VCE Biology Question Thread

[vox nihili]

Thank you but I wasn't really asking for the process. Sorry if my wording was a little bit off but I wanted to know how many protons are used to make a single ATP. As in when the hydrogen ions pass through ATP synthase how many need to go through to form one ATP molecule. So the ratio would either be 18:24 or 18:12. so 3 ATP : 4 H+ ions or 3 ATP : 2 H+ ions. Do all the hydrogen ions pass through the ATP synthase? Including the 12 that are left behind? If so then we would have 3 ATP molecules for every 4 hydrogen ions or 1 ATP for 0.75 of a proton which sucks really :/

My very sincere suggestion here would be to avoid trying to track the protons, not least because it's not at all required in VCE.

To put your minds at ease though, it's four protons per ATP.

[Maddie Trinh]

If the plasma membrane is amphipathic, then how can lipid-soluble molecules dissolve in the lipid bilayer? They have to cross the hydrophilic phosphate heads first in order to get to the fatty acid tails. It is also the same from the intercellular side of the membrane; they are going to get repelled by the inner hydrophilic heads as well.
Guys, how can any substance cross the plasma membrane at all (unless that same substance is also amphipathic)? And why do small molecules, like water, cross the membrane freely? Isn't water a polar substance?!!

Basically the main part to remember about the plasma membrane is that it's a fluid structure hence 'the fluid mosaic model.' The components which form the cell membrane (such as integral proteins, the phospholipid bilayer, glycolipids etc.) are not static but shift and move within the confines of the cell membrane. A good way to envision this is to think of a soap bubble and focusing on how the outer layer moves around or if you want a legit excuse to watch a youtube video, watch giant bubbles popping in slow motion by the Slow Mo Guys. Essentially, as the phospholipid layers are shifting around they create little gaps between the hydrophilic heads allowing small molecules such as (O2) and (CO2) to simply diffuse through the phospholipid bilayer of the cell membrane.

I also understand the confusion at water D:<. However because water is so small, it can sneakily diffuse through the cell membrane due to osmosis albeit not very well due to being polar. To make up for this, cells actually have specific protein channels called aquaporins which allow water to quickly move into or out of the cell but for the purpose of VCE you don't need to remember this but it's some nice little information. Well I hope that answers ur questions XD

Also for the main reason why I came here, are there any major examples of autocrine signalling outside of cytokine interleukin-1 used by monocytes?   
Thanks 

[vox nihili]

Basically the main part to remember about the plasma membrane is that it's a fluid structure hence 'the fluid mosaic model.' The components which form the cell membrane (such as integral proteins, the phospholipid bilayer, glycolipids etc.) are not static but shift and move within the confines of the cell membrane. A good way to envision this is to think of a soap bubble and focusing on how the outer layer moves around or if you want a legit excuse to watch a youtube video, watch giant bubbles popping in slow motion by the Slow Mo Guys. Essentially, as the phospholipid layers are shifting around they create little gaps between the hydrophilic heads allowing small molecules such as (O2) and (CO2) to simply diffuse through the phospholipid bilayer of the cell membrane.

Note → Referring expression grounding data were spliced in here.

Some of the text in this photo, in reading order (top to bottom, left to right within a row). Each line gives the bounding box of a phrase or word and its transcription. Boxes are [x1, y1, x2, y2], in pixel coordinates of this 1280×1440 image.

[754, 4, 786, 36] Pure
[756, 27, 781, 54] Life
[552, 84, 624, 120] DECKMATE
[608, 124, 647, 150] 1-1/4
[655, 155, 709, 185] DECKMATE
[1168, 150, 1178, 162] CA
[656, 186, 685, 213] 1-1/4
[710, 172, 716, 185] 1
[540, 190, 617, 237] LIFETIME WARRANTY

I also understand the confusion at water D:<. However because water is so small, it can sneakily diffuse through the cell membrane due to osmosis albeit not very well due to being polar. To make up for this, cells actually have specific protein channels called aquaporins which allow water to quickly move into or out of the cell but for the purpose of VCE you don't need to remember this but it's some nice little information. Well I hope that answers ur questions XD

Also for the main reason why I came here, are there any major examples of autocrine signalling outside of cytokine interleukin-1 used by monocytes?   
Thanks 

Good explanation. The same holds true for hydrophobic substances. Sometimes they'll just randomly get past the heads, even though it's not really what they like to do, and then it's all happiness inside the membrane basically.


There are plenty, but you don't need to know any examples.

[haydencooper]

Hoping someone can help me with these SAC related questions!

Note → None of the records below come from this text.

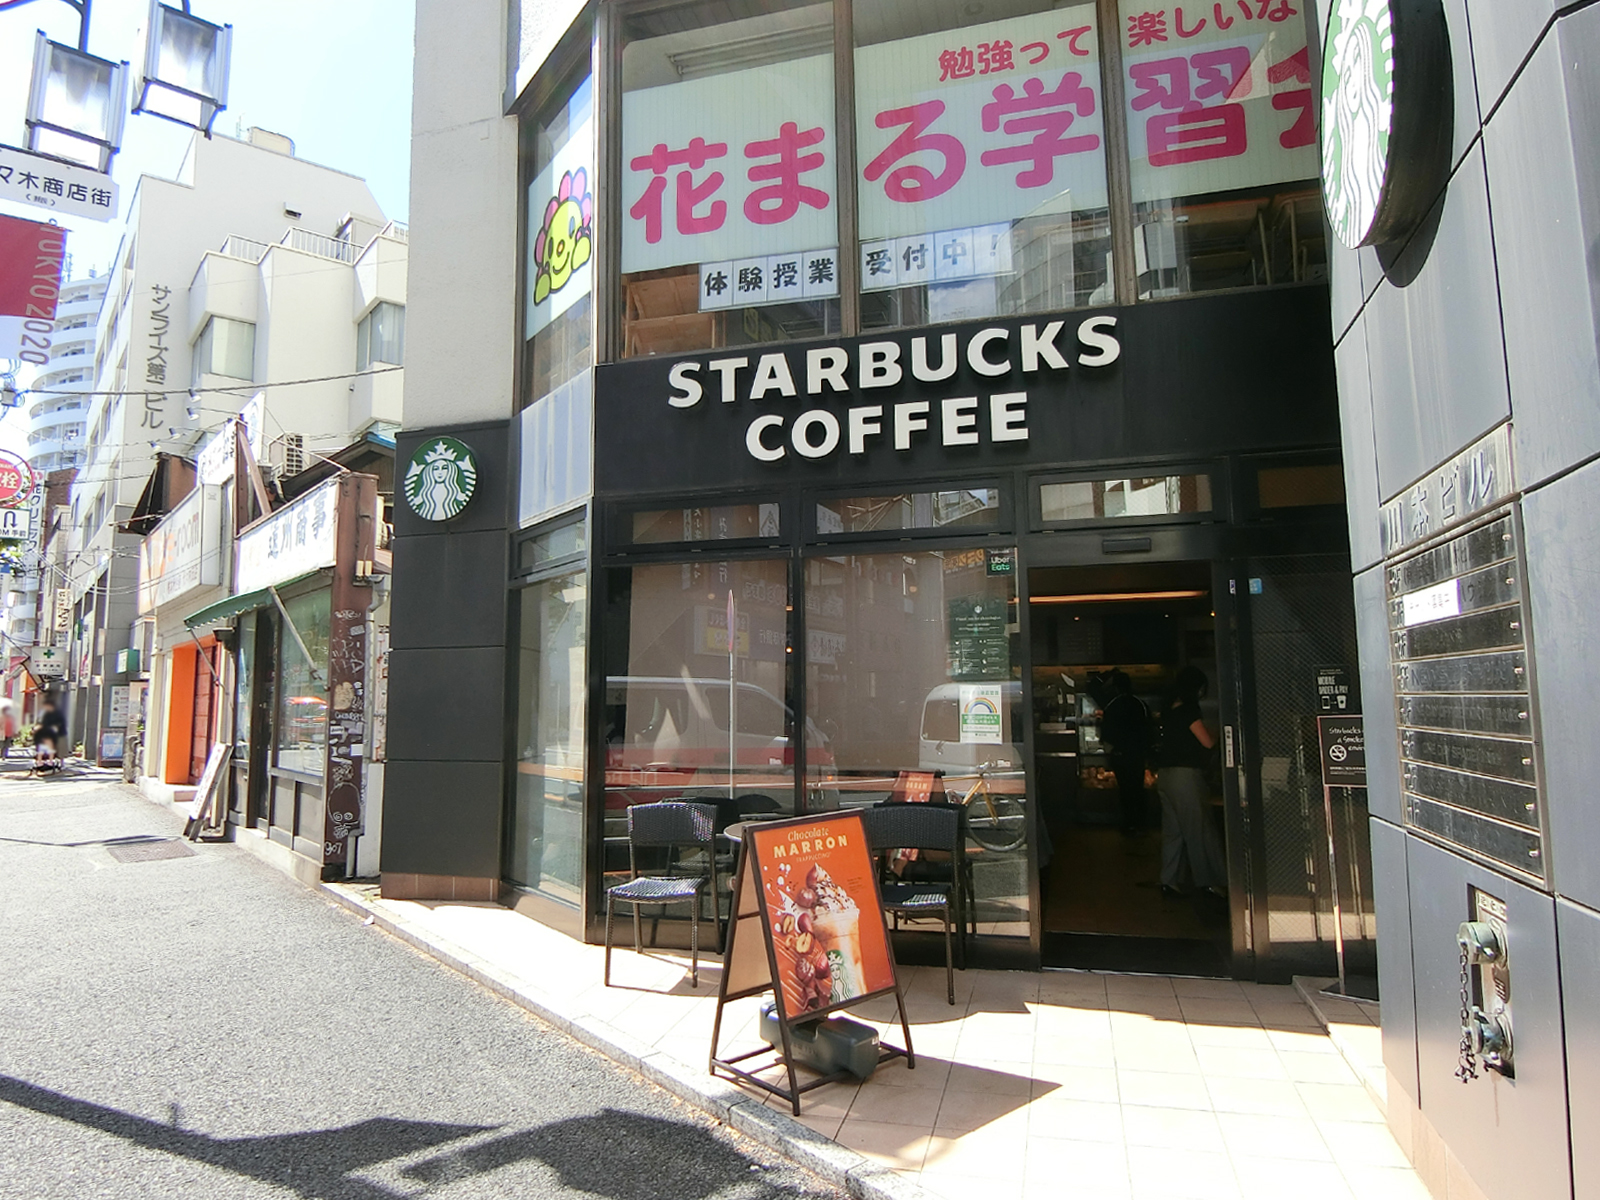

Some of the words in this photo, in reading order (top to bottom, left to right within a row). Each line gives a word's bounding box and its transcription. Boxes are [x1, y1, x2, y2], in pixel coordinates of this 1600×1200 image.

[939, 25, 1093, 82] 勉強って
[704, 257, 835, 297] 体験授業
[18, 303, 56, 365] 2020
[668, 315, 1121, 409] STARBUCKS
[745, 391, 1030, 462] COFFEE
[991, 556, 1010, 565] Uber
[991, 564, 1011, 572] Eats
[773, 834, 848, 859] MARRON
[787, 827, 830, 842] Chocolate

1. Stimulation of certain regions of the mechanosensory region can receive and respond to a stimulus without any interneurons being activated (such as giving a sharp poke to the nose of the planarian which causes it to rapidly contract its body, retracting from the stimulus). What is the name of this response? What advantage would this type of response have?
-I thought this may be negative thigmotaxis

2. Explain how a single odorant molecule given off by food could be detected by a cell and therefore elicit a well co-oridnated response such as the planarian moving to the food (and provide name of process)
-I thought this may have to do with signal transduction and a chemical response to the odorant

3. A steroid hormone (hormone z) was produced by a cell (cell z). The hormone travels from its site of production to a different cell (cell x), which is located elsewhere in the body of the planaria. Explain how the characteristics of hormone z will influence the way in which it initiates a response in cell x

[HasibA]

what does 'antagonises auxins on leaf buds' mean in the context of VCE biology- specifically related to cytokines! thank you

[johntran1869]

HI just stuck on this question:
Where on the Plant (not plant cell) does respiration occur?

Thank you

[wobblywobbly]

what does 'antagonises auxins on leaf buds' mean in the context of VCE biology- specifically related to cytokines! thank you

You won't need to know much about each type of plant hormone specifically for VCE Biology, so I'm assuming this is a SAC related question. Just know that cytokinins (not cytokines - which is part of the immune system, not a plant hormone) signals for lateral bud growth, which is kind of the opposite of what auxin does, which is to promote apical dominance, inhibiting lateral bud growth. So when they say 'antagonises' they mean 'opposite in effect'.

HI just stuck on this question:
Where on the Plant (not plant cell) does respiration occur?

Thank you

Do all plant cells have mitochondria?

[QueenSmarty]

Draw a stimulus-response diagram to illustrate how an unripe tomato can be induced to ripen using ethylene gas.

Can someone please help me with this question from the Nelson Biology textbook? I know how to draw a stimulus-response model, but would the stimulus be the ethylene gas? And what would the receptor, coordinating centre and effector be?

[Jay.C]

Hoping someone can help me with these SAC related questions!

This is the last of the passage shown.